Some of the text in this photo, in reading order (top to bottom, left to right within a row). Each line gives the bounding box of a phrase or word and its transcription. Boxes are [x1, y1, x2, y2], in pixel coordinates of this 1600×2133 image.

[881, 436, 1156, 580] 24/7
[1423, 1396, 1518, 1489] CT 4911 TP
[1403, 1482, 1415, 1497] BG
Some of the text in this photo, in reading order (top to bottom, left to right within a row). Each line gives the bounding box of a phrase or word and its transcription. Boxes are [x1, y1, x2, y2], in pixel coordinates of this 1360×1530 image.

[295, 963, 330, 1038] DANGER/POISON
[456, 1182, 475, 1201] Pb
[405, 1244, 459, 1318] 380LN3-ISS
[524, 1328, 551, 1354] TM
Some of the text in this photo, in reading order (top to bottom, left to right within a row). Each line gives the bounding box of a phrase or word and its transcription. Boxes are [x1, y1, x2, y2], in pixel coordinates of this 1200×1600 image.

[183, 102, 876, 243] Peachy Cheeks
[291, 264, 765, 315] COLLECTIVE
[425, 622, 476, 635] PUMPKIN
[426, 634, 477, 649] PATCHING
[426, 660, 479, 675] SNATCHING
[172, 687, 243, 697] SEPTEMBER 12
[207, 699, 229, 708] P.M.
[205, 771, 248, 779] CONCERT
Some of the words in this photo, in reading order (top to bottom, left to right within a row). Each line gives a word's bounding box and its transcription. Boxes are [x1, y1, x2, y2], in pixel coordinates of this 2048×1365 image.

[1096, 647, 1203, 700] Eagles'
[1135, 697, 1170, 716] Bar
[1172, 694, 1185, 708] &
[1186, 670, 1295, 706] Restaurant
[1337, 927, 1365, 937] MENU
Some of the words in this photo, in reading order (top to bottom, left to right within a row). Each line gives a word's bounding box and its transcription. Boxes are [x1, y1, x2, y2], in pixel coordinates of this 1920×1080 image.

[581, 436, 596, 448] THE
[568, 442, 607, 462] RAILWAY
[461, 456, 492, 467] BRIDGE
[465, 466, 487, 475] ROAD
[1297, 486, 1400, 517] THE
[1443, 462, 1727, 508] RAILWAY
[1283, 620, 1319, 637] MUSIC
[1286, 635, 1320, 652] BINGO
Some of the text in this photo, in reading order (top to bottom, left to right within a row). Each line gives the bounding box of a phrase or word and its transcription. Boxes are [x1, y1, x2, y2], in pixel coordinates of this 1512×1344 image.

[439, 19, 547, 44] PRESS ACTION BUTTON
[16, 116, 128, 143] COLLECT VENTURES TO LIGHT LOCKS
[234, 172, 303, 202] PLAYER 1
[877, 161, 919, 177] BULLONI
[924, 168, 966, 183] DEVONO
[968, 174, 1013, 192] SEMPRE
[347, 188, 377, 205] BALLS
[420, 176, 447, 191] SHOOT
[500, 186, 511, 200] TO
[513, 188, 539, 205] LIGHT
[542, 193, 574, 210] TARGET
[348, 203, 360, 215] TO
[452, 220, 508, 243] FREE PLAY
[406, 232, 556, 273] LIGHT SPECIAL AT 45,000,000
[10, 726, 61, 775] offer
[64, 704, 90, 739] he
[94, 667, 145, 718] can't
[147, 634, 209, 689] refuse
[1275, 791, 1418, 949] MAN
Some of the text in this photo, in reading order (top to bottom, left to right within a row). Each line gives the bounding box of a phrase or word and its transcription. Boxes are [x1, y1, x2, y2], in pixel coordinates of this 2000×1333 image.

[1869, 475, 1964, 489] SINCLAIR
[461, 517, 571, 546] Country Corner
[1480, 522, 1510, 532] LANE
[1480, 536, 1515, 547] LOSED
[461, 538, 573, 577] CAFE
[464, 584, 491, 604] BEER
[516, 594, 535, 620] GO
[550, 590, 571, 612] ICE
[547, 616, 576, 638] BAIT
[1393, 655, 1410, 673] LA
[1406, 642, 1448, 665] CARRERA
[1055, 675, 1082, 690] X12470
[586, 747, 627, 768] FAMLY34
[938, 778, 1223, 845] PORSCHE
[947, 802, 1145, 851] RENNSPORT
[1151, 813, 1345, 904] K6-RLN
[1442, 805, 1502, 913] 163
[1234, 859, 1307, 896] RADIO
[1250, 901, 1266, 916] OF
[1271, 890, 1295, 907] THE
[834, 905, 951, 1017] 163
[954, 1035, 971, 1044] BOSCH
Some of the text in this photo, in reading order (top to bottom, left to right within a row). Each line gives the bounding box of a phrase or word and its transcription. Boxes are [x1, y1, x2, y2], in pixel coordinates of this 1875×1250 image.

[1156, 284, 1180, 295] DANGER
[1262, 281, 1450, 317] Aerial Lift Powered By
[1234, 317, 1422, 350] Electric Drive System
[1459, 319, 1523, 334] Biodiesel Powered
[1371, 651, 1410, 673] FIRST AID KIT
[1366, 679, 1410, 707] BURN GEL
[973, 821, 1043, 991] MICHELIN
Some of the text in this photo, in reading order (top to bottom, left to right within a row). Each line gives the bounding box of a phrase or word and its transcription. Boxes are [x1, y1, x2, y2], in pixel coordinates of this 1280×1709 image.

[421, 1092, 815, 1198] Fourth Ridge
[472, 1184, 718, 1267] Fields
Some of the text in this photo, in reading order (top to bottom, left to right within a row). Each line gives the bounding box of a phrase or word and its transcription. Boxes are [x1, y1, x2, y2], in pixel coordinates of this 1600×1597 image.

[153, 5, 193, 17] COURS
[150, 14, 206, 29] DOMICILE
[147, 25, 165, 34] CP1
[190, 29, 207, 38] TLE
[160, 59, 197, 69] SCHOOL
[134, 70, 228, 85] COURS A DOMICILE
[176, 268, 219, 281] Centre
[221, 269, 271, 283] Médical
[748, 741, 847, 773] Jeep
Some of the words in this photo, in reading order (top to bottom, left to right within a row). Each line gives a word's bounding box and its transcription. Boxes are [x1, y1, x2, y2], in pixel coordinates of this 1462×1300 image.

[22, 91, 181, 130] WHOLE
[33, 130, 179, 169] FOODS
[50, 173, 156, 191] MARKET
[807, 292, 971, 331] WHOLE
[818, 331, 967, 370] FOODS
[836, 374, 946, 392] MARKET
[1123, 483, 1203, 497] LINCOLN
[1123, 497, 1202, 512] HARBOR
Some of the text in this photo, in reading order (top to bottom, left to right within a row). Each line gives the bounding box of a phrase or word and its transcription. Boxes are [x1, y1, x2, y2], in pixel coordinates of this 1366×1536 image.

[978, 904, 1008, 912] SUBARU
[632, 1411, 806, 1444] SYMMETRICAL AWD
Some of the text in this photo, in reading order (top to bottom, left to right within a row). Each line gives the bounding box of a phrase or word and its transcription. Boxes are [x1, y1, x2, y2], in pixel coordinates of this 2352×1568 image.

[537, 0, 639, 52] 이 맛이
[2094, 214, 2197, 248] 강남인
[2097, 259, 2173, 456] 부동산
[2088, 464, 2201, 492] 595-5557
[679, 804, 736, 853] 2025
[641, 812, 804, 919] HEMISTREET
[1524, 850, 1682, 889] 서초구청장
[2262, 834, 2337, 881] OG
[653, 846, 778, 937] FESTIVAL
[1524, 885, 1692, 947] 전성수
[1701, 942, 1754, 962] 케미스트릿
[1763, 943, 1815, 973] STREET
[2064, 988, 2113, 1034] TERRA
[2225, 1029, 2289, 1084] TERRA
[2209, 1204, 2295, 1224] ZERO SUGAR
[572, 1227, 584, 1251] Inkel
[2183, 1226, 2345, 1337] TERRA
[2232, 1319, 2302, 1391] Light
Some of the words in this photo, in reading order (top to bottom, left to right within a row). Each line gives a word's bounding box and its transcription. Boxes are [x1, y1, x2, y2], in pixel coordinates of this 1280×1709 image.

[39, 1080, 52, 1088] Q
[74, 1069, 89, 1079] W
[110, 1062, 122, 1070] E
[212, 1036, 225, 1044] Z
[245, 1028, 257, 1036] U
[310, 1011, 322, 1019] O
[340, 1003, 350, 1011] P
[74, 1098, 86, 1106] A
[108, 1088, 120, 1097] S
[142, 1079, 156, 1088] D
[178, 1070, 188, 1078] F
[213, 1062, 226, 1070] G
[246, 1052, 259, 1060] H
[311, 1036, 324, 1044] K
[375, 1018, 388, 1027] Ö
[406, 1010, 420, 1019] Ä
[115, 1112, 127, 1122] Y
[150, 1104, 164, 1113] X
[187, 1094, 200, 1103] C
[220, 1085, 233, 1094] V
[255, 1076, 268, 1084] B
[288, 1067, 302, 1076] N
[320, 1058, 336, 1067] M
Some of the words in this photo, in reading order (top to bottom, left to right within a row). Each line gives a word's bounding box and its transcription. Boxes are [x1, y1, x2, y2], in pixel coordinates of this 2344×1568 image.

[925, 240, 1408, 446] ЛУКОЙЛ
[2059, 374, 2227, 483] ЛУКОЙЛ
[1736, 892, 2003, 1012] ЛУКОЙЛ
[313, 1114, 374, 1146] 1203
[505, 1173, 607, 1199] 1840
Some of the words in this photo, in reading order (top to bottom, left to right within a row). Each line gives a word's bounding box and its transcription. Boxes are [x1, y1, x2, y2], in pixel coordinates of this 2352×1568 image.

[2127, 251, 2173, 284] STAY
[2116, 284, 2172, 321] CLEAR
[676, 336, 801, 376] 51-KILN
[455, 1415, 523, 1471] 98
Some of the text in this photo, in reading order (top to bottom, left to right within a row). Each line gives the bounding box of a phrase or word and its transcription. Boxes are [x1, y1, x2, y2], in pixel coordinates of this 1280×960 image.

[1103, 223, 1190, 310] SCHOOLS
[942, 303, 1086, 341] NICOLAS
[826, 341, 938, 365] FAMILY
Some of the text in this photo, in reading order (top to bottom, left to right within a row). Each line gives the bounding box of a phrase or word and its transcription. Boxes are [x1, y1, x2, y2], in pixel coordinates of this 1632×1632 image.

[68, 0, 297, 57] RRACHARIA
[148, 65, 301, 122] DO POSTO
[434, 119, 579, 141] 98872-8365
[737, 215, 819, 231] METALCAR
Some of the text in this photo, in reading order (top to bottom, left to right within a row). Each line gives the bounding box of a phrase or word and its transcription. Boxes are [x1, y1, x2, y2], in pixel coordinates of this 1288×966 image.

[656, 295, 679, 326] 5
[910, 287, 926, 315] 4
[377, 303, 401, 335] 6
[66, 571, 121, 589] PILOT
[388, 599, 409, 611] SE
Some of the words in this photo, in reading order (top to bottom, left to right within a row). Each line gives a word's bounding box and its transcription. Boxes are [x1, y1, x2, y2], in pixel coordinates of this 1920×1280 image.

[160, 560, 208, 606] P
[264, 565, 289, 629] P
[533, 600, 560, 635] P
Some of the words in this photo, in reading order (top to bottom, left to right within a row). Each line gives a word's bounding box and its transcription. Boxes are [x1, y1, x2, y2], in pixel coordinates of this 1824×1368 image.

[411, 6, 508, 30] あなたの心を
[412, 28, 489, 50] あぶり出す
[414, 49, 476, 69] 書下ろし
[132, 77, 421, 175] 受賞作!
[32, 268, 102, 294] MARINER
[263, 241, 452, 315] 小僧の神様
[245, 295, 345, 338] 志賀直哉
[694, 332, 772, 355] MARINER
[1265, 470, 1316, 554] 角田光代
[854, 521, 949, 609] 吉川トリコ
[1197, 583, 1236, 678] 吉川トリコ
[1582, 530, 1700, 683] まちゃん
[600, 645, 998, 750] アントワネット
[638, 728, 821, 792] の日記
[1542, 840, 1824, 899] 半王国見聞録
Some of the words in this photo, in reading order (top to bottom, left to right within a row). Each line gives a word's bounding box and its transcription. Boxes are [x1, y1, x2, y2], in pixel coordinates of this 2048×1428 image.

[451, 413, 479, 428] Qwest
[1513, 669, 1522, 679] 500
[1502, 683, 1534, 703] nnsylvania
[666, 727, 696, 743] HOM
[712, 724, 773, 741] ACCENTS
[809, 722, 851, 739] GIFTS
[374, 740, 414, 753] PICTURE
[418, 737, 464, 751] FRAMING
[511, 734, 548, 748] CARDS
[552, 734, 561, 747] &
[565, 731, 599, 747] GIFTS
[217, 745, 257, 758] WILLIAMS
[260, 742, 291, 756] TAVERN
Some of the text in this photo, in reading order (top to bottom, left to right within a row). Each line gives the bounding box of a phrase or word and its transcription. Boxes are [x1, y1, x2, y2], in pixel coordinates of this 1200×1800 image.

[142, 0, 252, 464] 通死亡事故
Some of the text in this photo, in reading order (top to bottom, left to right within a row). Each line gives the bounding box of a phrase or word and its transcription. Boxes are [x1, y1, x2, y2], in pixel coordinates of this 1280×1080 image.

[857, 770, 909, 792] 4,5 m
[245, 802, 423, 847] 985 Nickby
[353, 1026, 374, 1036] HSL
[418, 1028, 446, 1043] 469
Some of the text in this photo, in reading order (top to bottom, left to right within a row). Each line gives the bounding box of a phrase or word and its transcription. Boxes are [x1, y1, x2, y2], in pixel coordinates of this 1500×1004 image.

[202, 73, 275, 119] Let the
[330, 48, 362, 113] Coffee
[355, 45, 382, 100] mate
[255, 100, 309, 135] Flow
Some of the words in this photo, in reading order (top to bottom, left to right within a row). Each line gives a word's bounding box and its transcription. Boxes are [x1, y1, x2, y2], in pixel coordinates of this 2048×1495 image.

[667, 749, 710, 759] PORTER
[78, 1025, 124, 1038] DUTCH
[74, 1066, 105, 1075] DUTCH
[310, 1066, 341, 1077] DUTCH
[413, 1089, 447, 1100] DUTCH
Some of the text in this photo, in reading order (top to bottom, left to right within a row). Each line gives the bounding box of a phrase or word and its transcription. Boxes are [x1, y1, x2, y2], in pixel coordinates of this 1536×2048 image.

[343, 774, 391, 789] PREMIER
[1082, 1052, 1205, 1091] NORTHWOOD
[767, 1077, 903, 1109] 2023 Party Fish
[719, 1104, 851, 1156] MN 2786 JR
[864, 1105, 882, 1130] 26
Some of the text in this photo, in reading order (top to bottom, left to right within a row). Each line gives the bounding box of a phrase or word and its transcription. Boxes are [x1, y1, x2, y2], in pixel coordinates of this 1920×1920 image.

######

• _Action item_: Final part of the records: return the line that contains "this 2048×1495 image." and every line after it, exactly, with no other lines added.

• _Response to this task_:
Some of the words in this photo, in reading order (top to bottom, left to right within a row). Each line gives a word's bounding box and its transcription. Boxes are [x1, y1, x2, y2], in pixel coordinates of this 2048×1495 image.

[667, 749, 710, 759] PORTER
[78, 1025, 124, 1038] DUTCH
[74, 1066, 105, 1075] DUTCH
[310, 1066, 341, 1077] DUTCH
[413, 1089, 447, 1100] DUTCH
Some of the text in this photo, in reading order (top to bottom, left to right within a row). Each line gives the bounding box of a phrase or word and its transcription. Boxes are [x1, y1, x2, y2], in pixel coordinates of this 1536×2048 image.

[343, 774, 391, 789] PREMIER
[1082, 1052, 1205, 1091] NORTHWOOD
[767, 1077, 903, 1109] 2023 Party Fish
[719, 1104, 851, 1156] MN 2786 JR
[864, 1105, 882, 1130] 26
Some of the text in this photo, in reading order (top to bottom, left to right within a row). Each line gives the bounding box of a phrase or word and its transcription. Boxes are [x1, y1, x2, y2], in pixel coordinates of this 1920×1920 image.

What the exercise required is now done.